▶ **INSTRUCTIONS TO FOLLOW**
Nothing but a verbatim copy of the data, minus the images, should be returned.

Items from a dataset:
»»

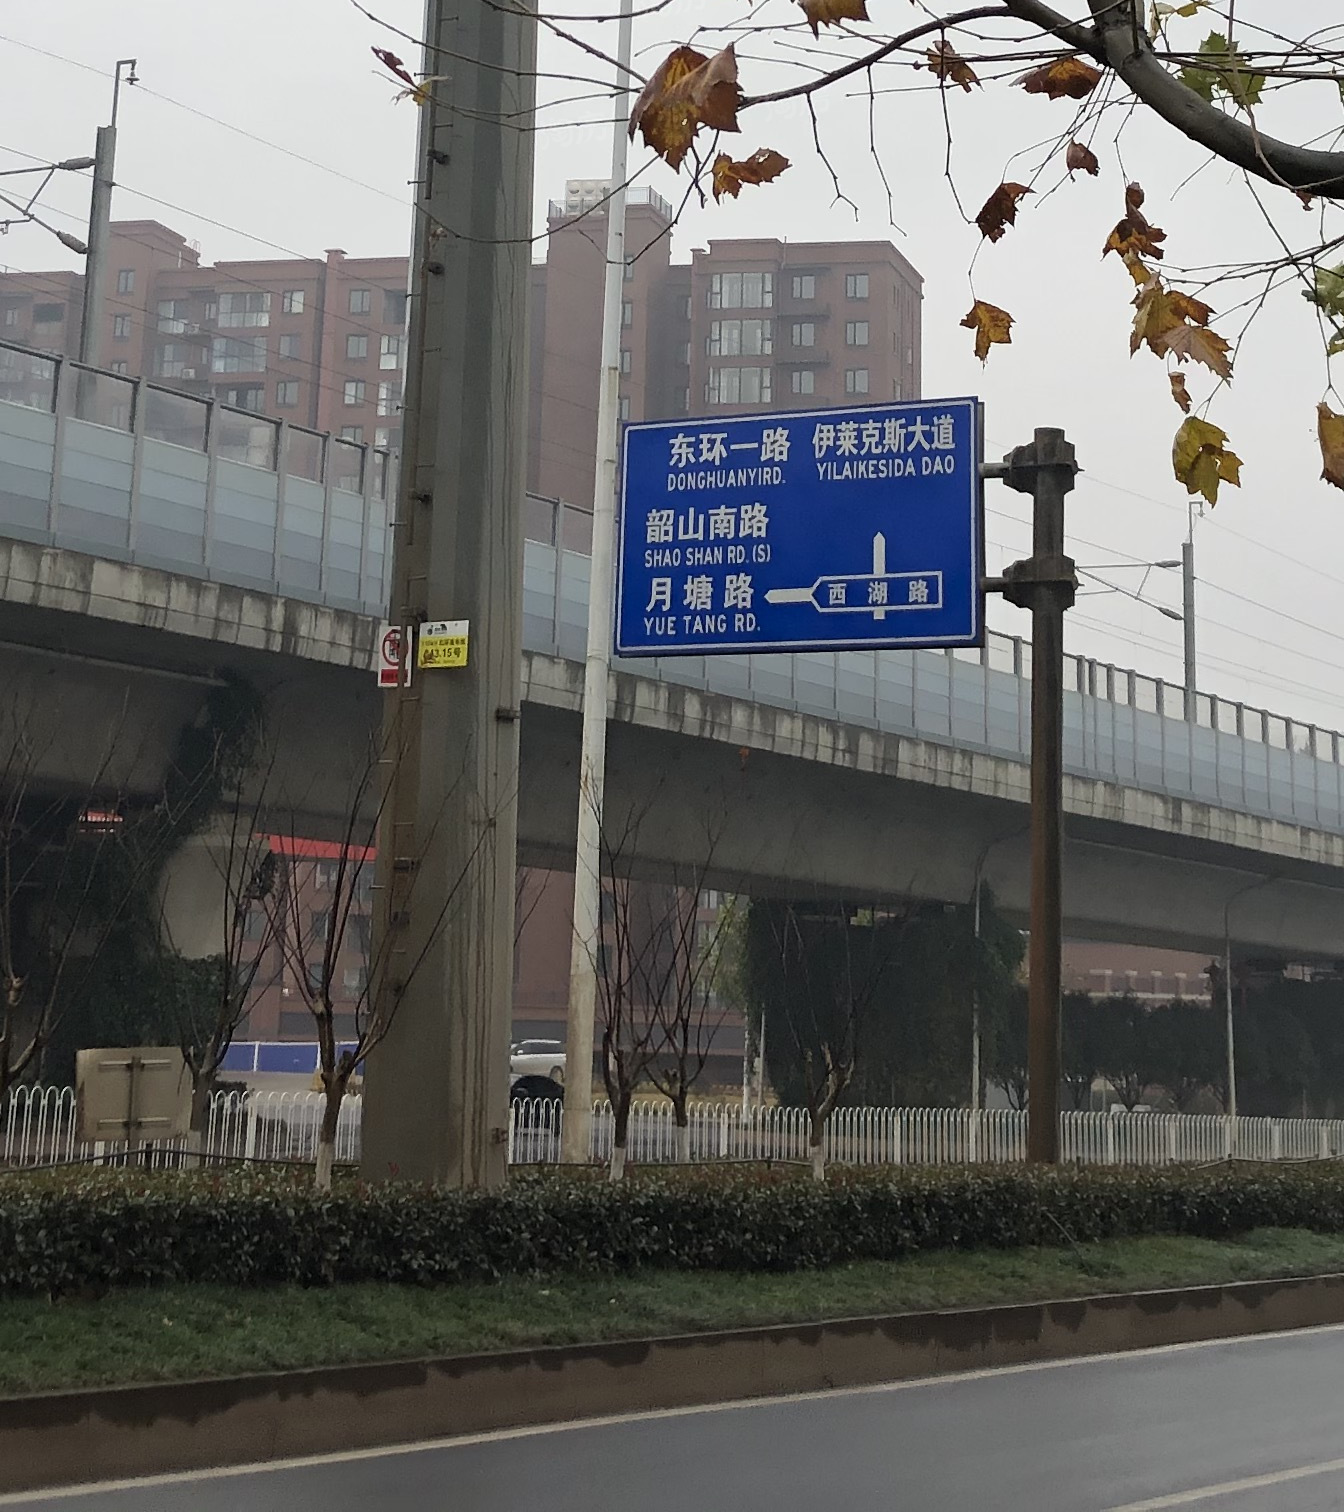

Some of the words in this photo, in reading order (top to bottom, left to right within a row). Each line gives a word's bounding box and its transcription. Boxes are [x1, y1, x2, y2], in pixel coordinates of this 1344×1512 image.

[668, 426, 792, 468] 东环一路
[812, 413, 956, 459] 伊莱克斯大道
[816, 457, 917, 481] YILAIKESIDA
[921, 454, 955, 476] DAO
[645, 501, 770, 544] 韶山南路
[644, 548, 681, 568] SHAO
[685, 546, 723, 566] SHAN
[645, 572, 755, 612] 月塘路
[827, 579, 929, 605] 西湖路
[643, 616, 677, 636] YUE
[683, 614, 727, 634] TANG
[734, 613, 761, 633] RD.
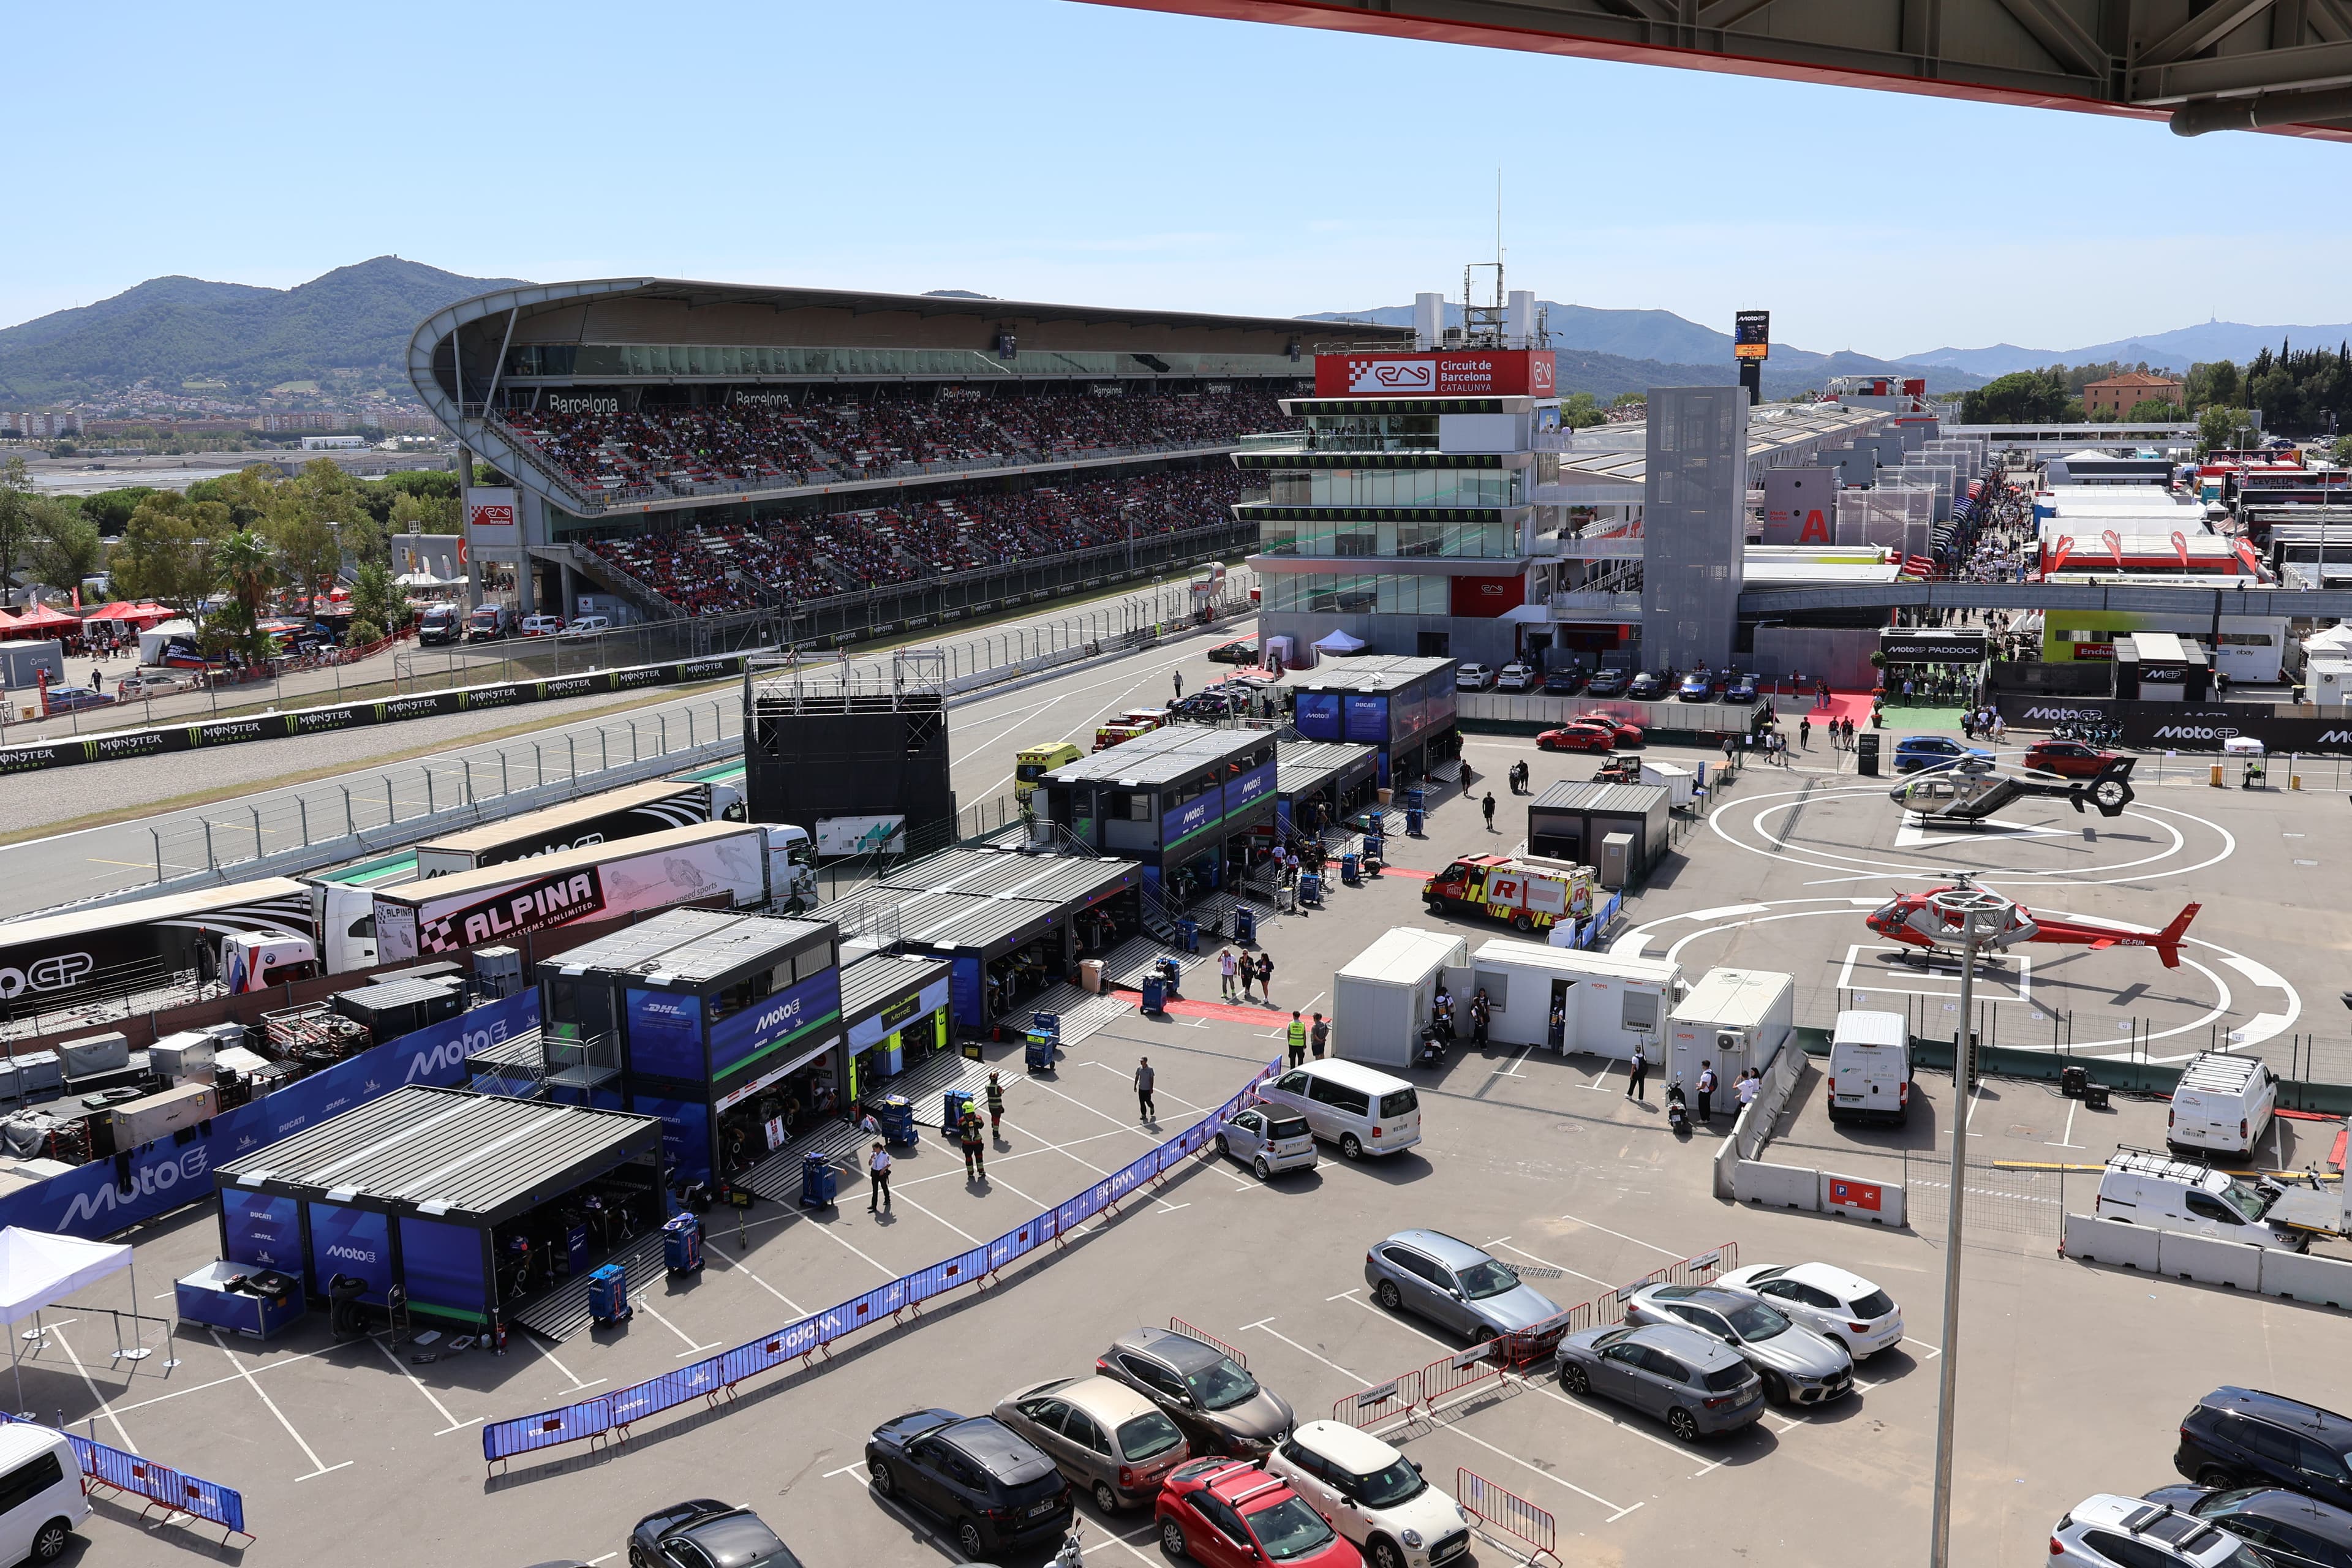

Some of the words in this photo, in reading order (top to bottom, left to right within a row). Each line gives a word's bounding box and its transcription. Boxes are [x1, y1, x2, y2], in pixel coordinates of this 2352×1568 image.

[1441, 361, 1477, 371] Circuit
[1479, 361, 1492, 371] de
[1441, 372, 1492, 382] Barcelona
[1093, 385, 1122, 398] Barcelona
[1441, 383, 1492, 392] CATALUNYA
[549, 393, 618, 414] Barcelona
[736, 391, 789, 407] Barcelona
[1800, 510, 1830, 543] A
[835, 632, 856, 642] MONSTER
[1887, 646, 1926, 655] MotoGP
[1928, 646, 1979, 655] PADDOCK
[686, 662, 723, 673] MONSTER
[620, 669, 660, 682] MONSTER
[548, 679, 591, 692] MONSTER
[554, 688, 585, 697] ENERGY
[470, 688, 516, 702] MONSTER
[387, 698, 437, 713] MONSTER
[478, 698, 510, 707] ENERGY
[301, 710, 352, 725] MONSTER
[396, 709, 431, 718] ENERGY
[203, 722, 261, 739] MONSTER
[309, 722, 345, 731] ENERGY
[2152, 725, 2239, 741] MotoGP
[100, 734, 162, 753] MONSTER
[213, 734, 253, 744] ENERGY
[111, 746, 154, 757] ENERGY
[1515, 870, 1540, 879] BOMBEROS
[696, 881, 718, 897] sports
[1492, 880, 1517, 899] R
[1574, 886, 1585, 902] R
[386, 908, 413, 918] ALPINA
[465, 872, 593, 945] ALPINA
[546, 902, 597, 927] UNLIMITED.
[647, 1003, 680, 1015] DHL
[754, 997, 801, 1034] MotoE
[404, 1019, 507, 1084] MotoE
[279, 1115, 306, 1133] DUCATI
[55, 1145, 208, 1232] MotoE
[250, 1211, 271, 1220] DUCATI
[326, 1245, 377, 1264] MotoE
[1360, 1391, 1379, 1401] DORNA
[1379, 1383, 1395, 1395] GUEST
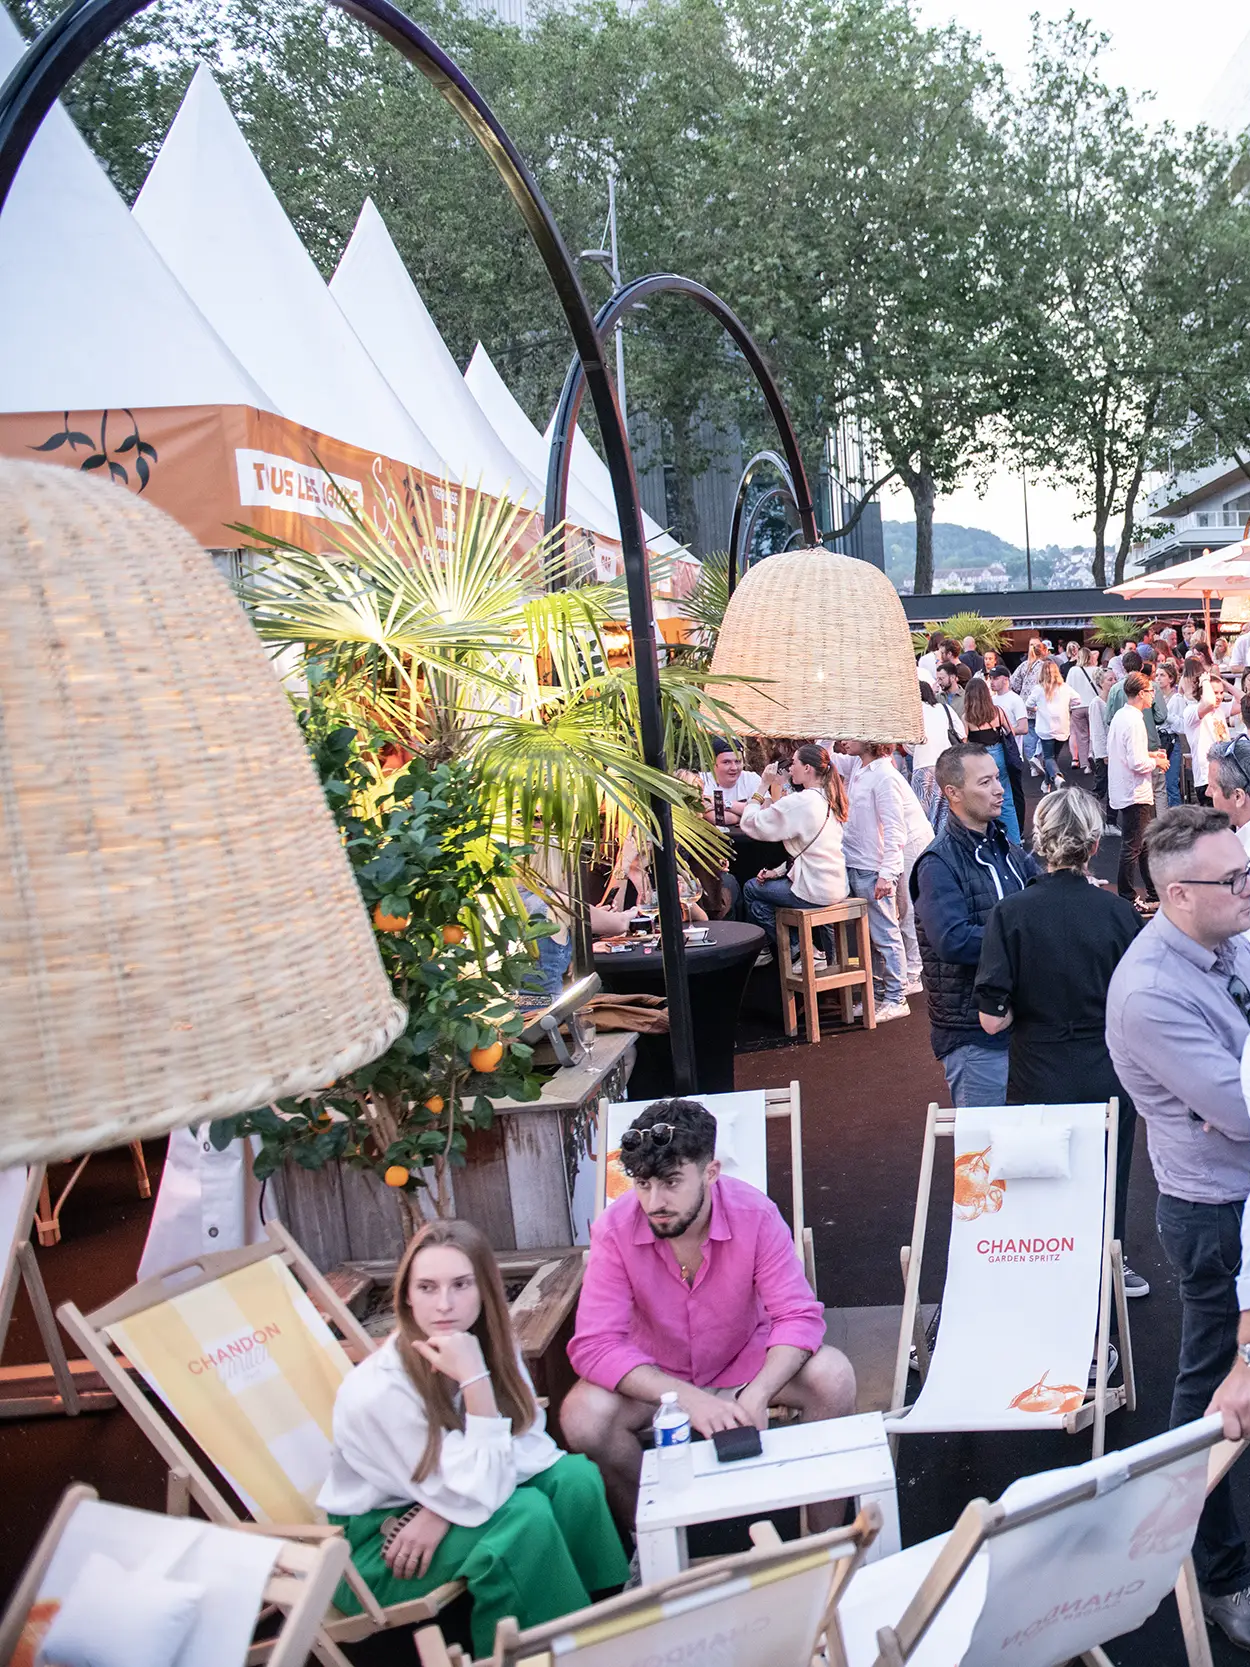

««

▶ **COMPLETED TASK**
Some of the words in this photo, in reading order (top to bottom, left to right within a row). Each line gives a word's bounding box and its transcription. Boxes are [x1, y1, x2, y2], in pixel coordinates of this 1344×1512 image.

[668, 426, 792, 468] 东环一路
[812, 413, 956, 459] 伊莱克斯大道
[816, 457, 917, 481] YILAIKESIDA
[921, 454, 955, 476] DAO
[645, 501, 770, 544] 韶山南路
[644, 548, 681, 568] SHAO
[685, 546, 723, 566] SHAN
[645, 572, 755, 612] 月塘路
[827, 579, 929, 605] 西湖路
[643, 616, 677, 636] YUE
[683, 614, 727, 634] TANG
[734, 613, 761, 633] RD.

Some of the words in this photo, in reading order (top to bottom, left to right within a row). Each line gives a word's bounding box and its transcription. Boxes are [x1, y1, x2, y2], in pixel coordinates of this 2352×1568 image.

[1441, 361, 1477, 371] Circuit
[1479, 361, 1492, 371] de
[1441, 372, 1492, 382] Barcelona
[1093, 385, 1122, 398] Barcelona
[1441, 383, 1492, 392] CATALUNYA
[549, 393, 618, 414] Barcelona
[736, 391, 789, 407] Barcelona
[1800, 510, 1830, 543] A
[835, 632, 856, 642] MONSTER
[1887, 646, 1926, 655] MotoGP
[1928, 646, 1979, 655] PADDOCK
[686, 662, 723, 673] MONSTER
[620, 669, 660, 682] MONSTER
[548, 679, 591, 692] MONSTER
[554, 688, 585, 697] ENERGY
[470, 688, 516, 702] MONSTER
[387, 698, 437, 713] MONSTER
[478, 698, 510, 707] ENERGY
[301, 710, 352, 725] MONSTER
[396, 709, 431, 718] ENERGY
[203, 722, 261, 739] MONSTER
[309, 722, 345, 731] ENERGY
[2152, 725, 2239, 741] MotoGP
[100, 734, 162, 753] MONSTER
[213, 734, 253, 744] ENERGY
[111, 746, 154, 757] ENERGY
[1515, 870, 1540, 879] BOMBEROS
[696, 881, 718, 897] sports
[1492, 880, 1517, 899] R
[1574, 886, 1585, 902] R
[386, 908, 413, 918] ALPINA
[465, 872, 593, 945] ALPINA
[546, 902, 597, 927] UNLIMITED.
[647, 1003, 680, 1015] DHL
[754, 997, 801, 1034] MotoE
[404, 1019, 507, 1084] MotoE
[279, 1115, 306, 1133] DUCATI
[55, 1145, 208, 1232] MotoE
[250, 1211, 271, 1220] DUCATI
[326, 1245, 377, 1264] MotoE
[1360, 1391, 1379, 1401] DORNA
[1379, 1383, 1395, 1395] GUEST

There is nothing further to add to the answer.